Doctor’s Tip: The healthiest way to eat, summarized
More than 2,000 years ago Hippocrates said, “Let food be thy medicine and let medicine be thy food.” However, medical school is mainly about pills and procedures.
It wasn’t until late in my career that I learned about the power of plant-based nutrition, when, about five years ago, a nurse practitioner suggested that my wife and I read “The China Study.” We found the information so compelling we immediately adopted a plant-based, whole food, no-added-oil lifestyle (a better term than “diet”) with avoidance of salt and sugar. Our health improved, we felt great, and I started telling my patients about it.
Those who followed it 100 percent had amazing results, better than with any pills or combination of pills I had put them on in the past. This is the only diet that along with regular exercise has been shown to prevent and reverse obesity, hypertension, cardiovascular disease, type 2 diabetes, many inflammatory and autoimmune diseases, osteoporosis — and to prevent dementia and many forms of cancer.
Several months ago, a series of these health tip columns reviewed what not to eat and why. And a subsequent series explained what we should eat every day and why, based on the daily dozen in Dr. Michael Greger’s book “How Not to Die.” Today’s column will summarize what plant-based nutrition is, and next week’s column will discuss the science that supports it.
If you want optimal health, don’t eat:
• Meat, including poultry.
• Dairy, including cheese, yogurt and butter.
• Seafood including fish.
• Oils of any kind, including olive and coconut oil (stir fry with water, veggie broth or wine; if a baking recipe calls for oil, substitute ground flaxseed or unsweetened apple sauce).
• Processed food such as white bread, white rice, white pasta, white flour tortillas.
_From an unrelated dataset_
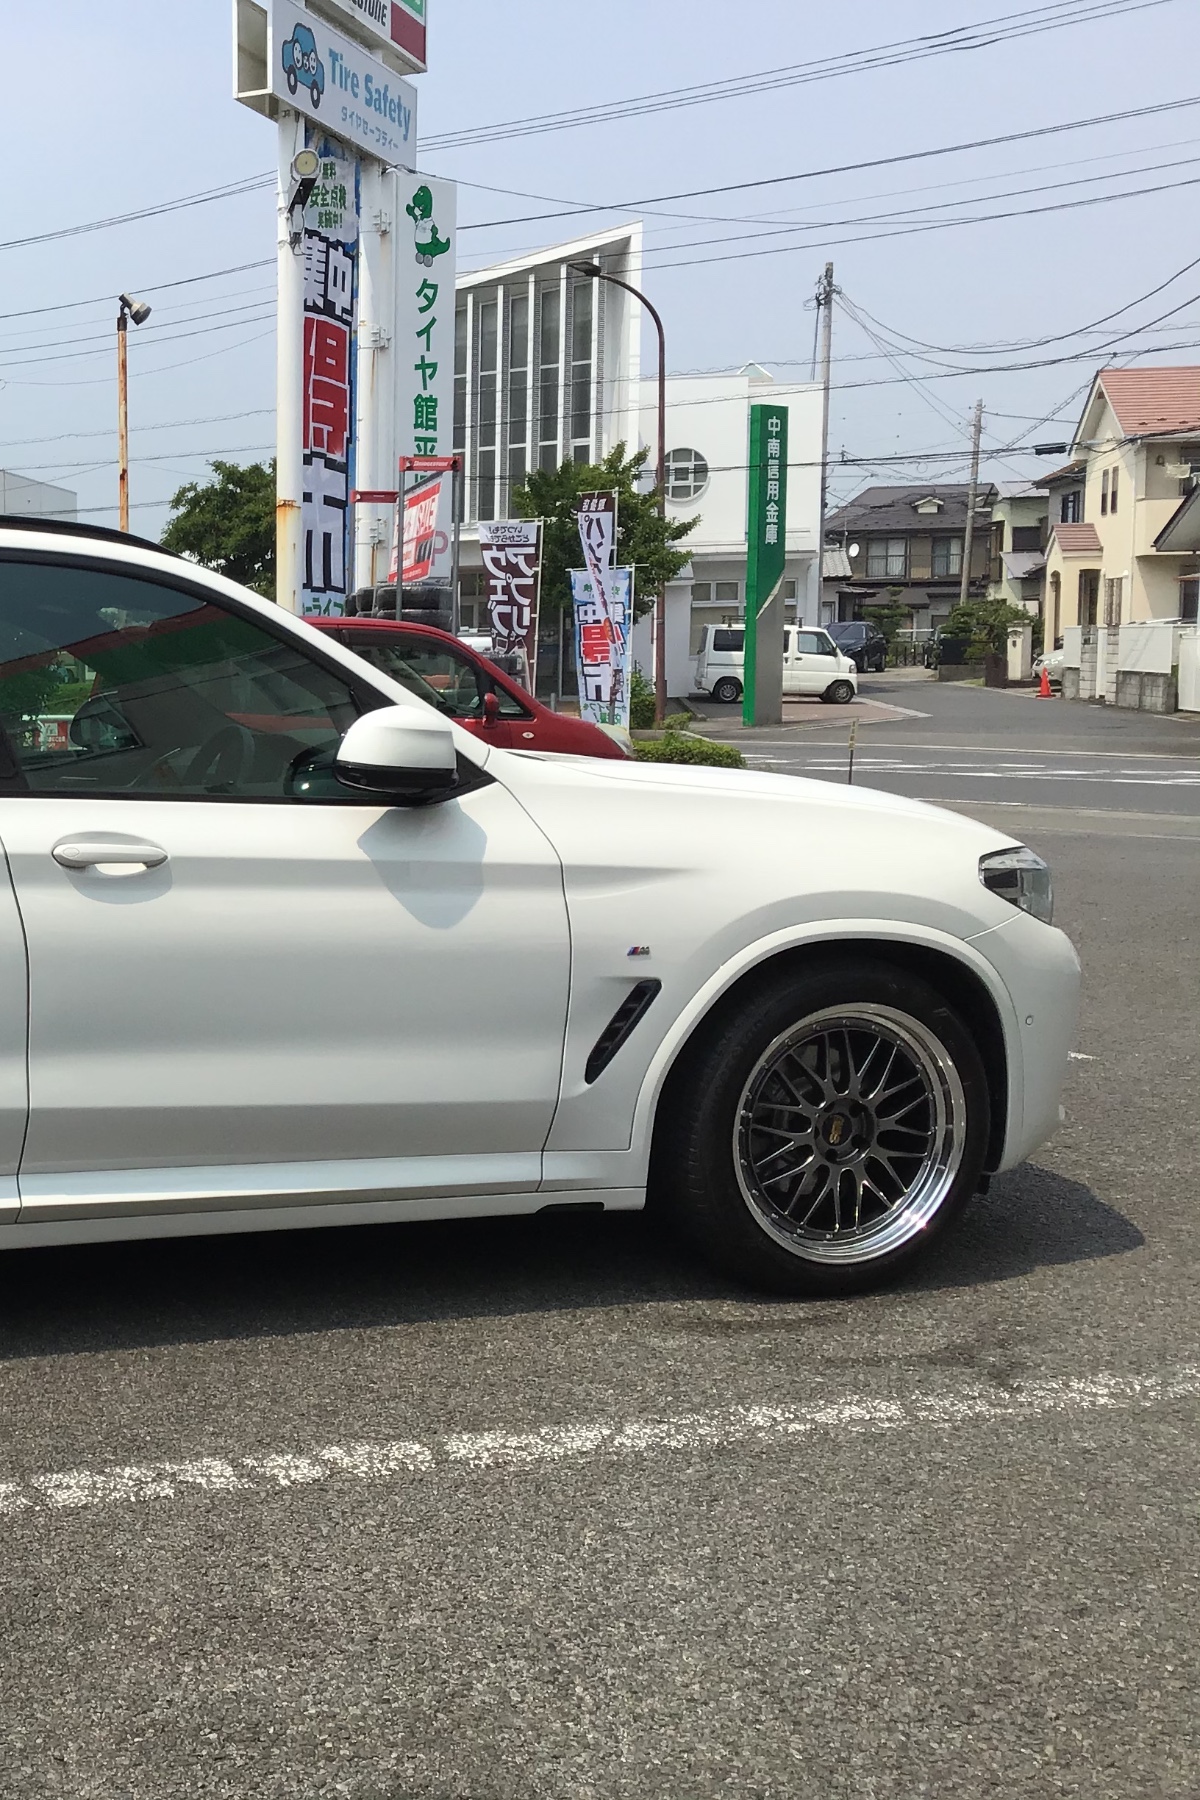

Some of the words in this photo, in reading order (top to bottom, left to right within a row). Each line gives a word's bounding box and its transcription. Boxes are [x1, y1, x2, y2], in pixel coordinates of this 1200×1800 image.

• Sugar (read food labels, see what the serving size is, see how much sugar is in a serving and know that 4 grams of sugar is teaspoon). Avoid artificial sweeteners and food colorings.
• Salt (instead of sodium chloride use spices; assuming you don’t have chronic kidney disease use potassium chloride found in the salt section of the grocery store).
• Fruit juices, soda, sugar and salt-laden sports drinks (unless you are running a marathon).
• Vitamins, pills and supplements other than those mentioned below.
At least as important is what you do eat every day, because only plants provide fiber, antioxidants and other cancer-fighting phytonutrients (phyto means plant); and only plants feed health-promoting gut bacteria (microbiome).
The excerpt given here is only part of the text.